Thank you to the person this morning who noticed that I dropped a sweater on the sidewalk on the way to the dry cleaners. Thank you, for picking it up and draping it over my driver’s side mirror.

Thank you sweet, efficient ladies who work in the dry cleaners and say yes, I can pick everything up on Wednesday because I have a funeral on Thursday.

Thank you sunshine and cold morning air that’s sure to warm up today – I can sense it, finally, spring finally breaking through after weeks of chilly gloom in this city.

Thank you funny Starbucks guy who understands people like me who say grande when they mean venti, and venti when they want grande.

Thank you, boss, for understanding that I sent my daughter to school today with no sports equipment, even though she has team practice after school – and that I sent my son to school saddled down with sports equipment even though he has no team practice after school – and that I had to go home and then go to their school to sort it all out on work time.
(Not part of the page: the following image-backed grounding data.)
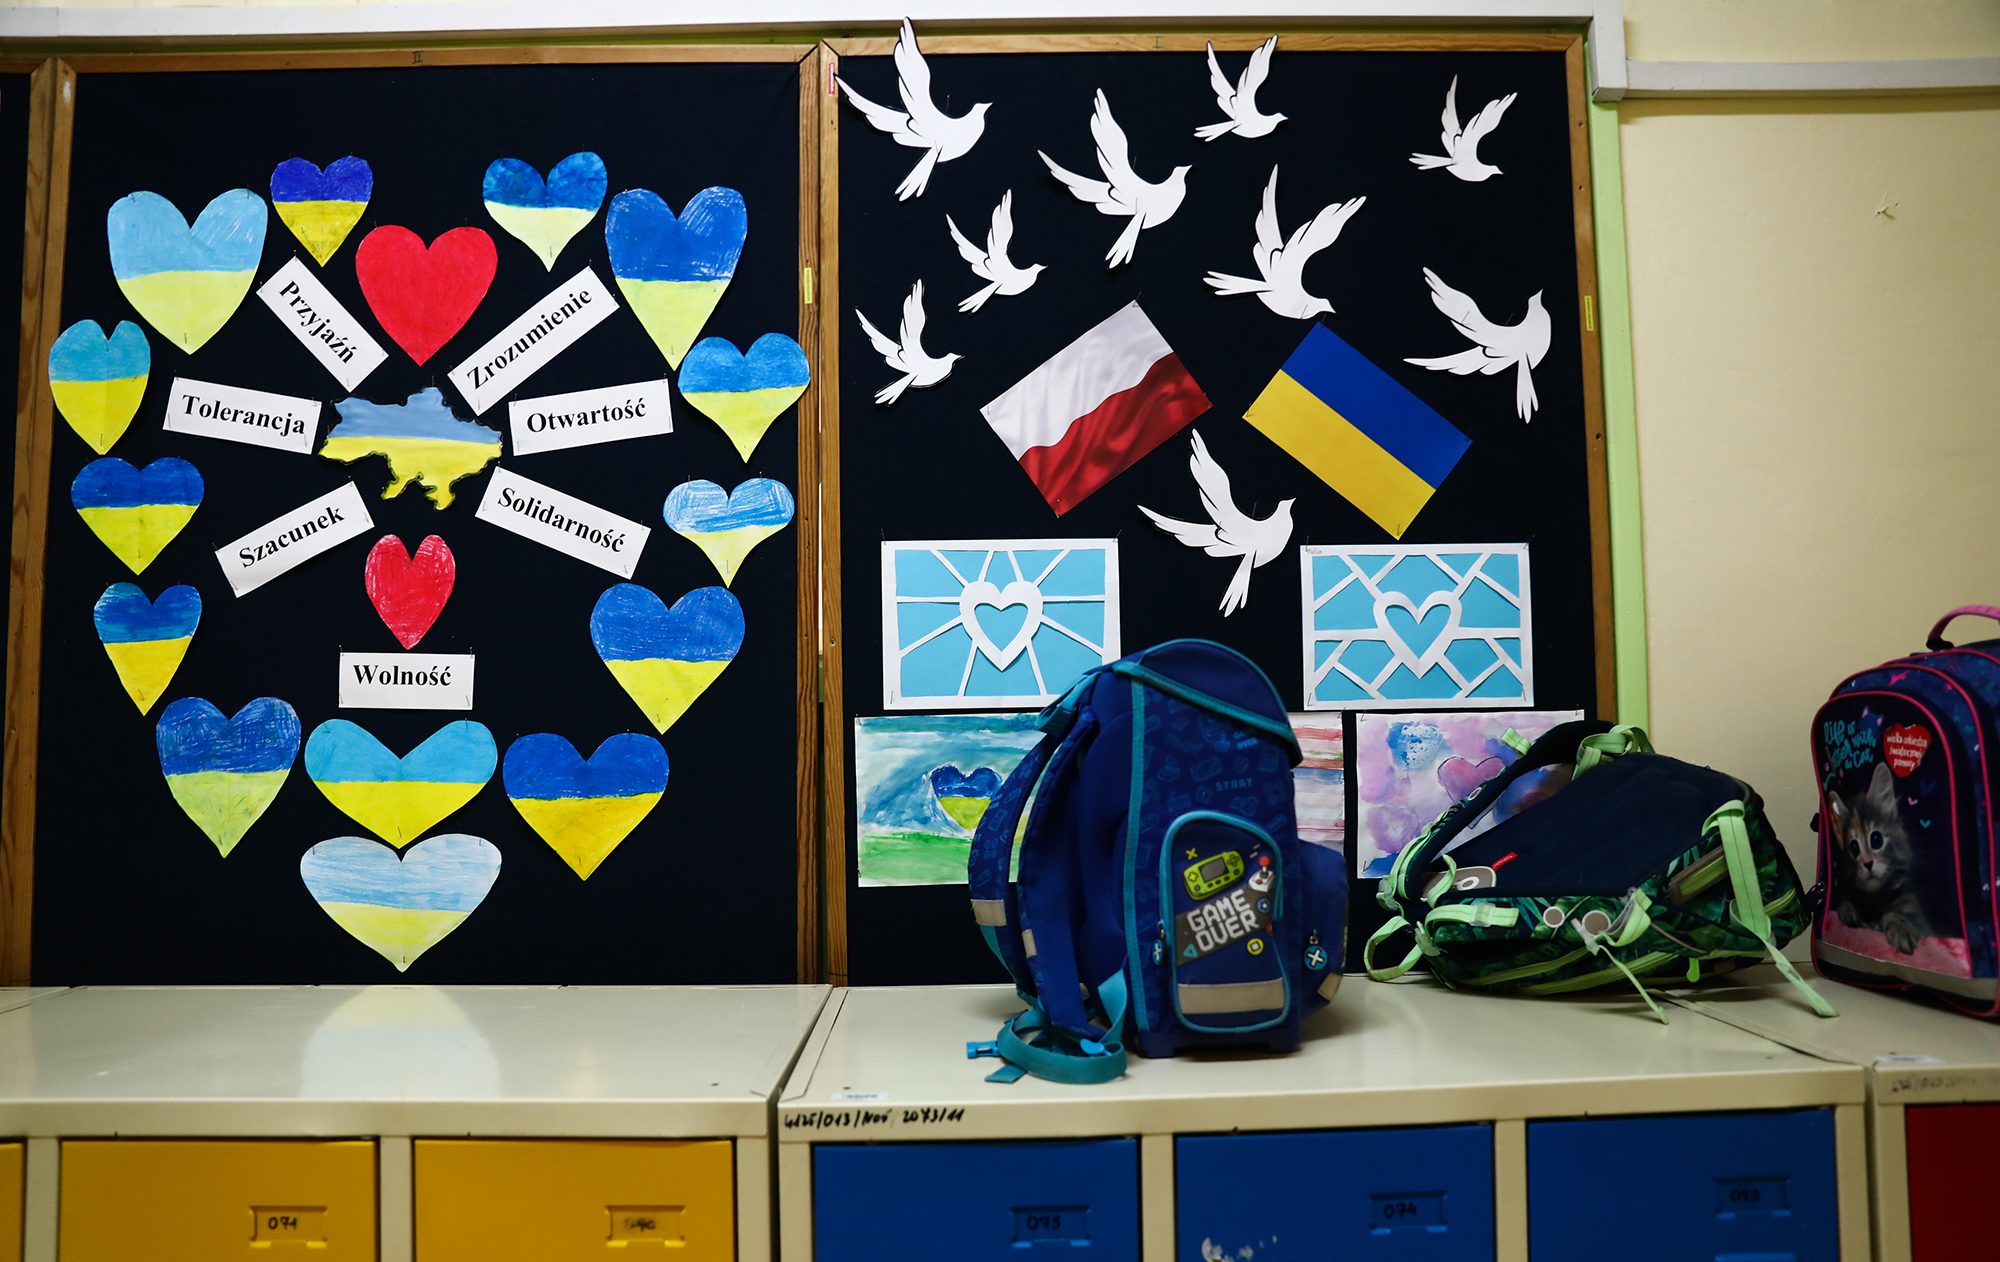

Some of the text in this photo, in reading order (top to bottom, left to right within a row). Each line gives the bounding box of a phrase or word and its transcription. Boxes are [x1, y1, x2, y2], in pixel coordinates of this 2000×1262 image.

[279, 280, 354, 364] Przyjaźń
[466, 291, 592, 390] Zrozumienie
[182, 394, 305, 437] Tolerancja
[527, 399, 646, 433] Otwartość
[239, 506, 345, 568] Szacunek
[497, 487, 626, 553] Solidarność
[353, 664, 451, 686] Wolność
[1823, 720, 1845, 746] life
[1851, 728, 1877, 748] with
[1853, 748, 1874, 768] cat
[1215, 778, 1252, 791] START
[1186, 889, 1251, 934] GAME
[1194, 910, 1260, 952] OVER
Thank you friend for telling me it doesn’t matter if my date liked me or not last night – that it only matters if I liked him – and, after all, that you can’t start out a funny story about a date by keeping a scorecard on previous dates.

….

Thank you world for being a generally good place. Because later today I need to deal with my ex and his lies about how our dog escaped in his care, and how he signed up my son for a sport – that he’s coaching – behind my back. And then I need to check to see if my mortgage check bounced because my ex gave me a custody check ripped so carelessly out of the checkbook that the check number was completely torn off. But I had no choice but to try to deposit it in the machine on Saturday anyhow because it was so late. So I guess I’ll take the small everyday kindnesses of the rest of the world.

 

Dating after Divorce:A Cautionary Tale

“When you loved someone and had to let them go, there will always be that small part of yourself that whispers, “What was it that you wanted and why didn’t you fight for it?”
― Shannon L. Alder

 

When I struggled with infertility for years and years and then finally got pregnant with twins, I felt like I won the lottery. Twins! Adorable little toddling twins. Best friends forever. Double stroller, double cuteness, double everything.

But most of all, they would make up for my painful years of infertility, when I fell behind my friends who had baby after baby after baby.
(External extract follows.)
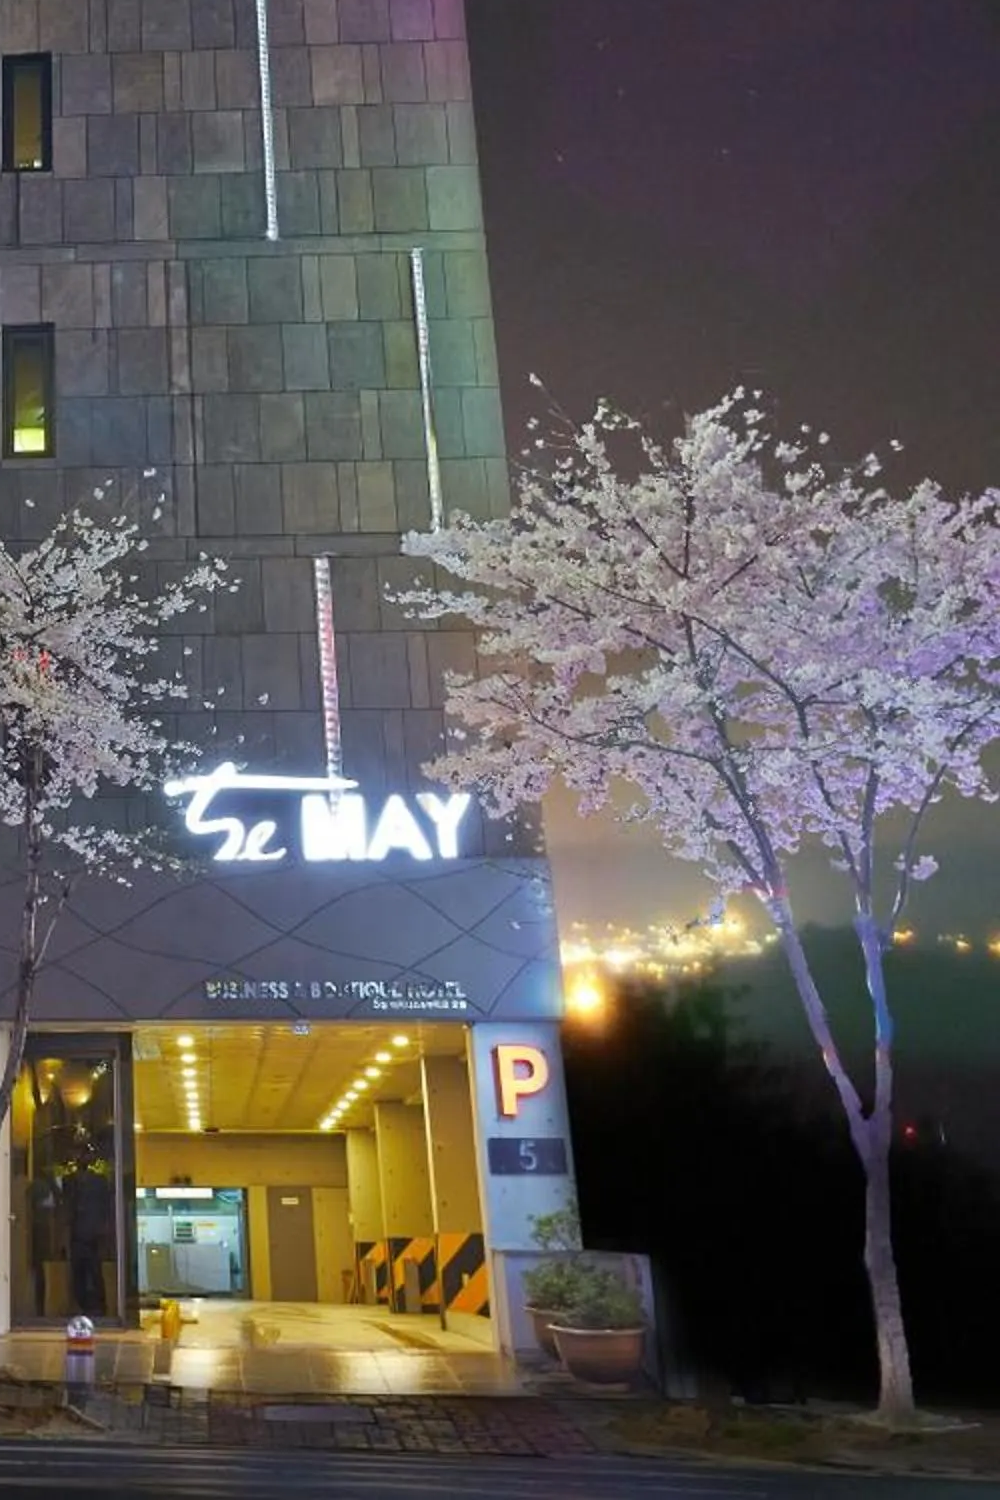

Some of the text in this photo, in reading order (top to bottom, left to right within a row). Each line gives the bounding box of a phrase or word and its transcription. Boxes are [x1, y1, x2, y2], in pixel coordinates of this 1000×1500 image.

[301, 793, 471, 861] MAY
[492, 1044, 549, 1118] P
[519, 1140, 537, 1170] 5
And then early in my second trimester, I lost one of the twins. Devastated, I struggled every single day though the remainder of that high-risk pregnancy. I never knew if my remaining baby would make it.
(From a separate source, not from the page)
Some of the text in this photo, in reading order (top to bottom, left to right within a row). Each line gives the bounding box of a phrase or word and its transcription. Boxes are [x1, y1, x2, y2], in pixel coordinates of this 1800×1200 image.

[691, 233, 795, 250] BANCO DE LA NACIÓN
But he did. And then I went to get pregnant naturally, giving birth to my second miracle baby just 17 months later.

And now I have two beautiful children. But it was so much harder in every way than having those twins make my family automatically complete. I still mourn for that little baby. I miss that little baby.

….

After the divorce I finally got brave enough to try online dating. Only 24 hours later, I read one perfect little note in my in-box that was otherwise cluttered with random and disturbing weirdness.

Out of the millions and millions of men on the site, this man turned out to be a dad from my children’s tiny’s little school. What a coincidence! What a great story! I thought he was perfect – handsome, sweet, smart, a bit quiet, and, okay I admit it: a serious six pack. He liked the same things that I did, and he had many of the same viewpoints about life. And he held my hand decisively, and made decisions for us, and I felt safe and loved.

I had hit the lottery again. We looked so great together; we had so much fun together. He would make up for all the years of being married to a mentally ill, increasingly hideous-looking loud and evil man.

But my perfect man didn’t really end up being the man I thought he was. He is not a truly terrible person like my ex-husband, but he’s not right for me either.

Deep down I know that it will be okay. But it still hurts. A lot.

I should have known that the first man I met could not make me complete. He can’t take away my suffering. And perhaps that’s not even a fair thing to expect from a mere mortal.

So now I learn my lesson again. Quick and easy fixes are no substitute for the hard work of life. And so I cry and I hurt again like I didn’t know was possible at my age. I grieve something that never was – someone, like that little baby, who would never truly be mine.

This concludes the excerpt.